Quote:Again. This bullshit about legal, vs illegal. And MOST injuries and deaths, REGARDLESS involve someone the user knows.Yeah, in the case of guns, themselves. Still, there are an alarming number of homicides, predominantly concentrated in racially segregated cities with high poverty rates. Americas gun problem is also americas pervasive institutional racism problem. Shhhhh, don't tell anyone, lol.
Quote:It still remains an issue of access.I'm not sure the car analogy, useful for licensing, insurance, and liability... is workable in this context. The reasons we removed lead from gas don't translate very well to our gun problem, and fwiw, gun manufacturers have a vested interest in producing newer, safer guns...it's almost as if they want to sell them for more money, or something. Arguably, the most effective means of reducing gun violence (that's the goal, yes....?) would be a windfall for manufacturers. Whether that's through a targeted buyback of legacy pistols or a requirement for enhanced security features and the phasing out of "dumb" guns.

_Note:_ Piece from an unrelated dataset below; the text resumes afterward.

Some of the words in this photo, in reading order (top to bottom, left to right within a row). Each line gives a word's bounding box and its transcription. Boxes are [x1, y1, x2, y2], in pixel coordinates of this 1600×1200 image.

What COULD WORK, is to stop making them like candy and handing them out like candy. Just like the oil industry was forced to remove lead from gas, but cars were still sold. But even given that, we still need to get off of burning fossil fuels. I am sure if humans do not blow ourselves up over bullshit, I can even see firearms existing in the same context.
OFC, safer guns and better access laws aren't going to slow down gun death on the whole. Nor, if we're being brutally honest with ourselves, would fewer guns. Those sorts of things only prevent "the wrong people" from having easy and reliable access to a serviceable firearm, and they're already in the minority, relegated to cheap used firearms in resale. Those things that would work to reduce gun violence don't have a one for one exchange in gun death because they're wildly disparate problems.

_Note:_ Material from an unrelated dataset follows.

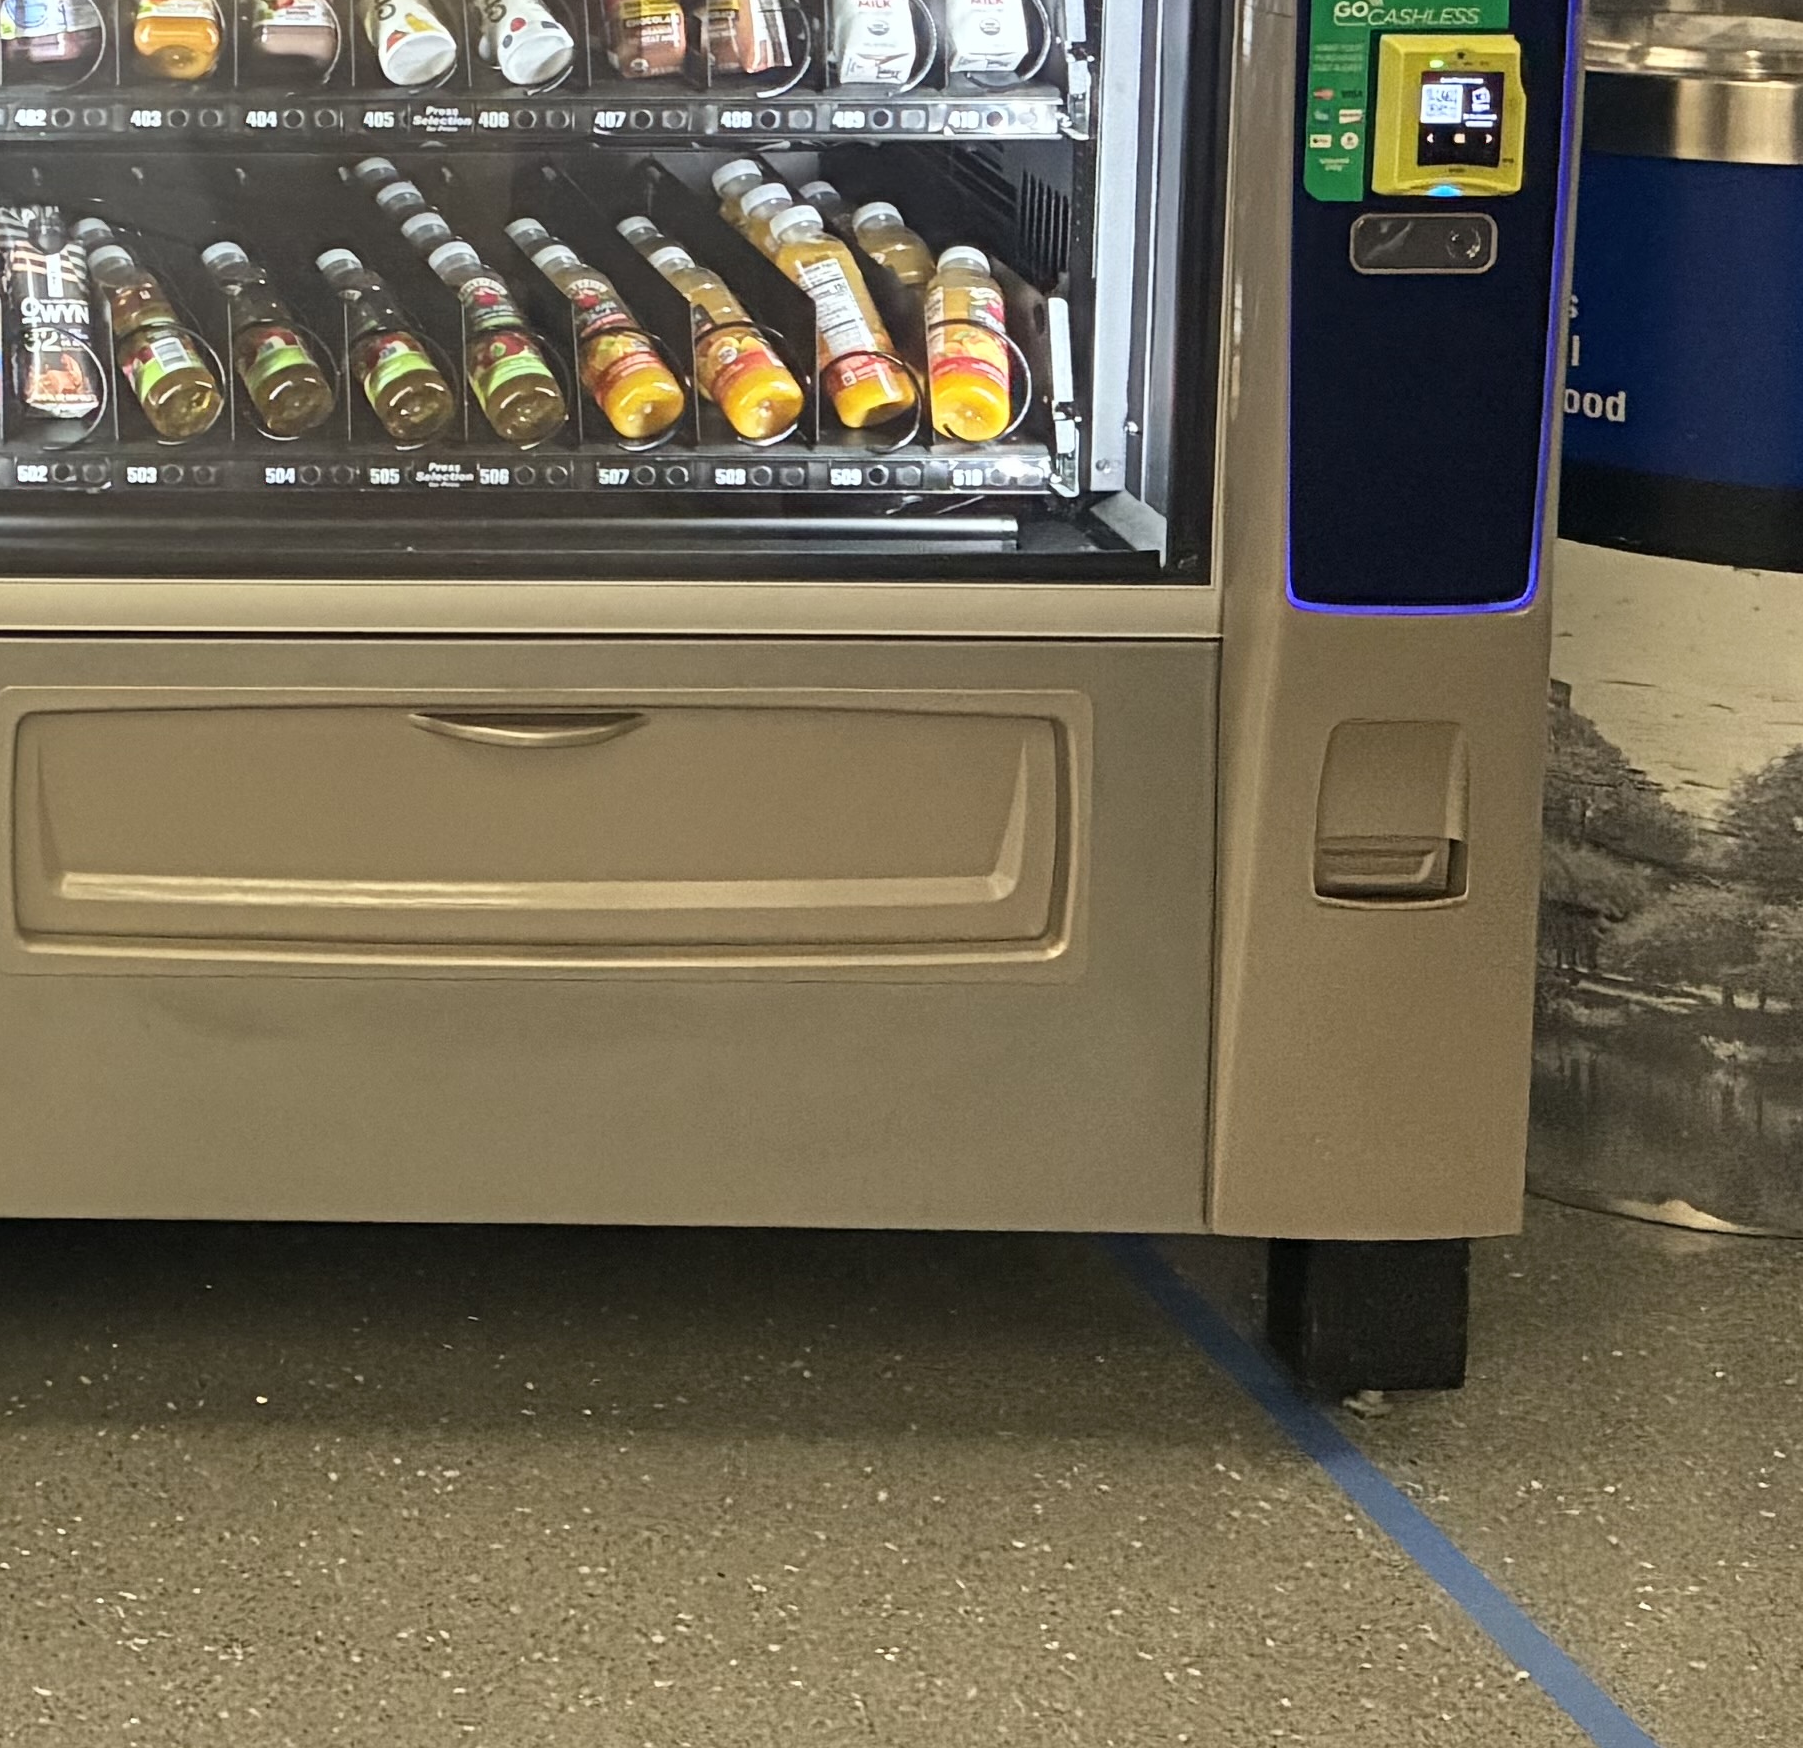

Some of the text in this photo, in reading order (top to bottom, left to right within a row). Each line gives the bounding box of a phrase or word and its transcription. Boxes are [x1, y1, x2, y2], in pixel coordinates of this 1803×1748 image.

[858, 0, 892, 8] MILK
[1334, 1, 1480, 25] GO CASHLESS
[131, 111, 161, 127] 403
[265, 466, 295, 484] 504

Maybe we should figure out why so many people want to die. Removing those law abiding pass every screen we have citizens access yo firearms would not only represent a fundamental abuse of warrant, it would expose these arguments as a facade while increasing the number of botched attempts and all the misery that follows that.

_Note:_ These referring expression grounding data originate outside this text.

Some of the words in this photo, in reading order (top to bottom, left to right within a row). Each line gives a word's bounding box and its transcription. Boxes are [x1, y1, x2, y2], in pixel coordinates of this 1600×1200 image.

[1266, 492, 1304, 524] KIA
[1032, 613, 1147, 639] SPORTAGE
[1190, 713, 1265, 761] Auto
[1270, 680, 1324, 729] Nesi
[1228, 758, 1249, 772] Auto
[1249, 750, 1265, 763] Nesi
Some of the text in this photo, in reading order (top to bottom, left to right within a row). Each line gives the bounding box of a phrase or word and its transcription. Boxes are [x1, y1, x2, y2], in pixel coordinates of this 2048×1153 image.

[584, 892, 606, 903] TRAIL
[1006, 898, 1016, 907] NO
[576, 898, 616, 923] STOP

Quote:My point still remains, we cannot keep doing the same fucking bullshit we have been. Technology changes and so should laws to make us safer.Well, sure. What we're trying to figure out, though, is what changes actually would make us safer, right? Some vague rant about gun manufacturers, how does that make us safer? Gun violence doesn't have any correlation to gun sales. None. The areas in which the highest numbers of guns are sold and owned have the lowest rates of gun violence. The areas with the lowest rates of sale and ownership have the highest rates of gun violence, with the same firearm often being used by multiple people in the commission of many separate crimes. Newly manufactured guns don't feature heavily in any states trace data.
Your underlying contention above isn't exactly wrong, you just have the attribution as backwards as it could get. Yes, it's an access problem. Access limited by poverty to a specific range of firearms in circumstances that positively reinforce the use of a gun on the one hand, and easier access to a new pistol than mental health services (or happiness, for that matter, lol) on the other. We'd get more mileage out of anti-poverty and mental health initiatives than any anti-corporate action....and not by a little, by alot. Gun manufacturers aren't making money off of the guns used in the commission of crimes. Those have already been liquidated from their stock, legally, and to The Right People, no less. Right behind that it's private sale, and while we're at it we could absolutely reduce the number of relevant firearms in circulation, fund law enforcement agencies that handle this shit, and reaffirm our commitment to their authority to do so.
There's alot that we could do, that could work. How's bitching about Big Gun been going, thusfar? Seeing any numbers drop? Hell, the nutters use you for ad copy and it boosts sales. The argument you're making isn't helping, and not just because there's no credible means for it to effect gun death in the first place. Tighten up, or it's going to be you who kills gun control, not the nuts.